**EXERCISE OBJECTIVE:**
The copy you print must match the listing exactly, with its pictures removed.

**GIVEN ENTRIES:**
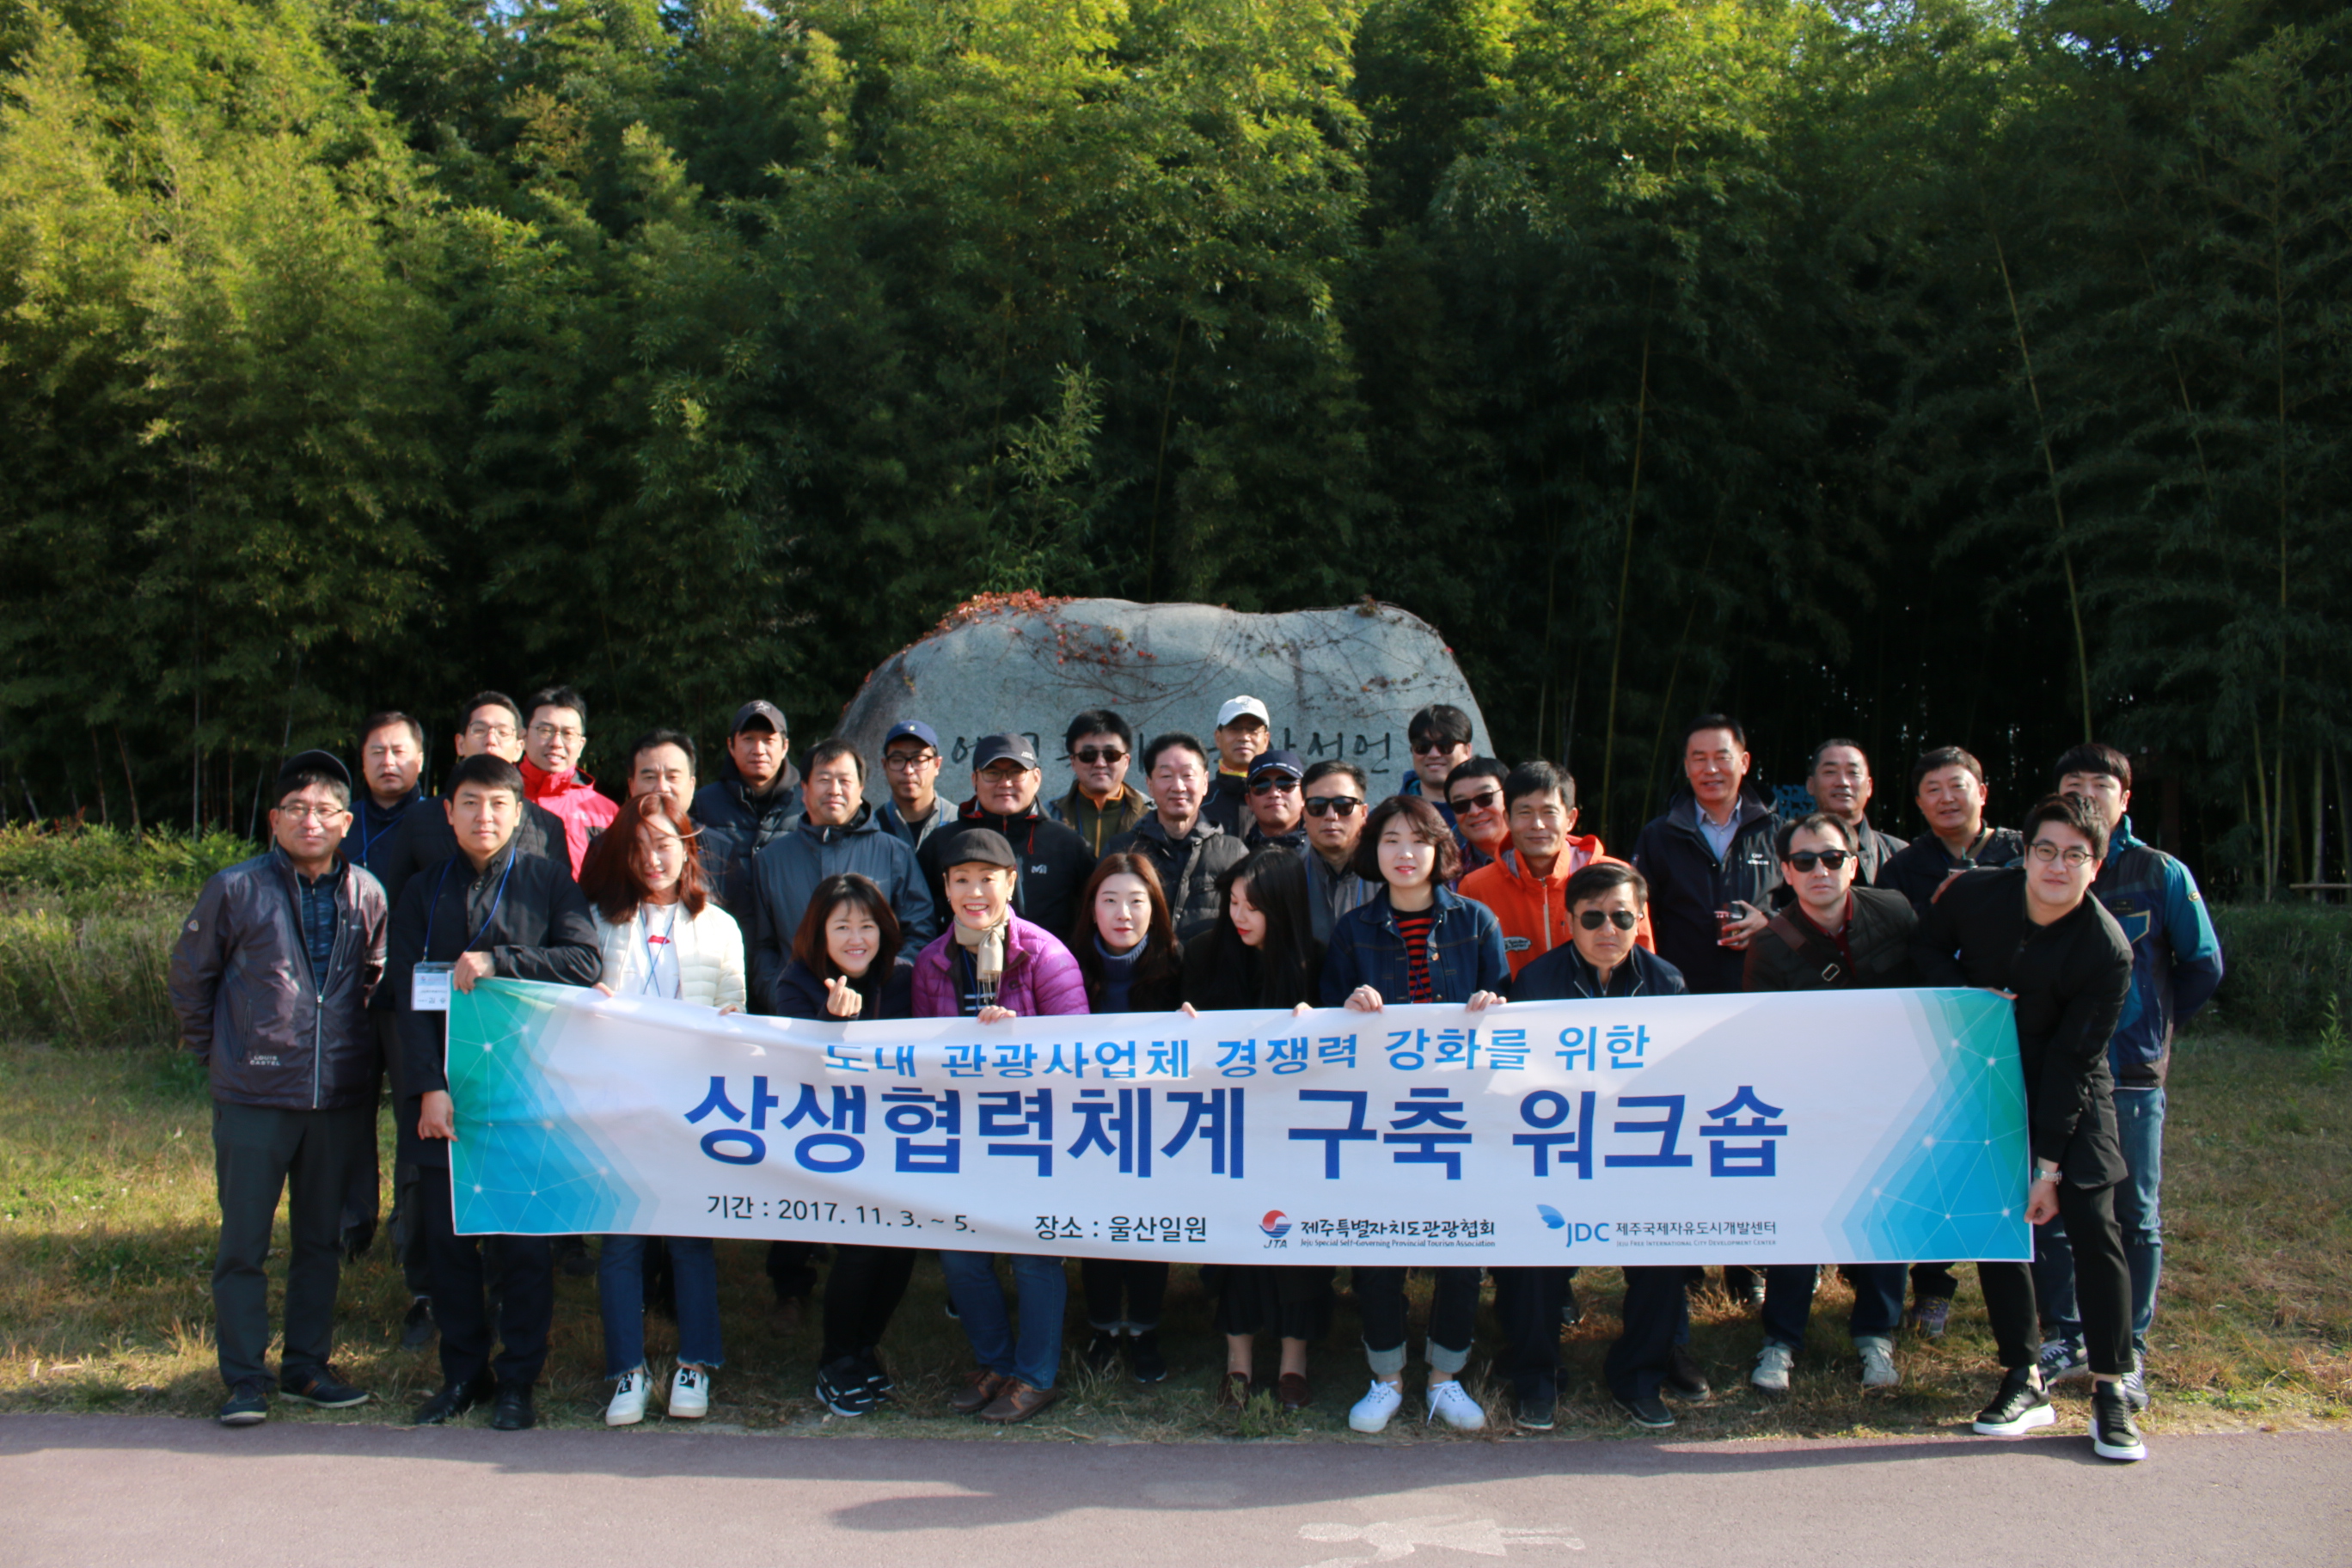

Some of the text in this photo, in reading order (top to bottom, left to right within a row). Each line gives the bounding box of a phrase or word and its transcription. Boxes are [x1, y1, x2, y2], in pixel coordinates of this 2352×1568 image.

[824, 1023, 1651, 1080] 도내 관광사업체 경쟁력 강화를 위한
[684, 1075, 1789, 1181] 상생협력체계 구축 워크숍
[707, 1195, 755, 1220] 기간
[778, 1198, 846, 1224] 2017.
[855, 1205, 891, 1227] 11.
[899, 1210, 922, 1229] 3.
[954, 1214, 977, 1234] 5.
[1034, 1215, 1083, 1240] 장소
[1107, 1216, 1207, 1243] 울산일원
[1301, 1218, 1496, 1240] 제주특별자치도관광협회
[1565, 1222, 1611, 1248] JDC
[1616, 1221, 1777, 1236] 제주국제자유도시개발센터
[1263, 1239, 1289, 1249] JTA
[1300, 1239, 1314, 1247] Jeju
[1314, 1239, 1338, 1248] Special
[1392, 1239, 1426, 1247] Provincial

**TASK OUTPUT:**
Some of the text in this photo, in reading order (top to bottom, left to right within a row). Each line gives the bounding box of a phrase or word and its transcription. Boxes are [x1, y1, x2, y2], in pixel coordinates of this 2352×1568 image.

[824, 1023, 1651, 1080] 도내 관광사업체 경쟁력 강화를 위한
[684, 1075, 1789, 1181] 상생협력체계 구축 워크숍
[707, 1195, 755, 1220] 기간
[778, 1198, 846, 1224] 2017.
[855, 1205, 891, 1227] 11.
[899, 1210, 922, 1229] 3.
[954, 1214, 977, 1234] 5.
[1034, 1215, 1083, 1240] 장소
[1107, 1216, 1207, 1243] 울산일원
[1301, 1218, 1496, 1240] 제주특별자치도관광협회
[1565, 1222, 1611, 1248] JDC
[1616, 1221, 1777, 1236] 제주국제자유도시개발센터
[1263, 1239, 1289, 1249] JTA
[1300, 1239, 1314, 1247] Jeju
[1314, 1239, 1338, 1248] Special
[1392, 1239, 1426, 1247] Provincial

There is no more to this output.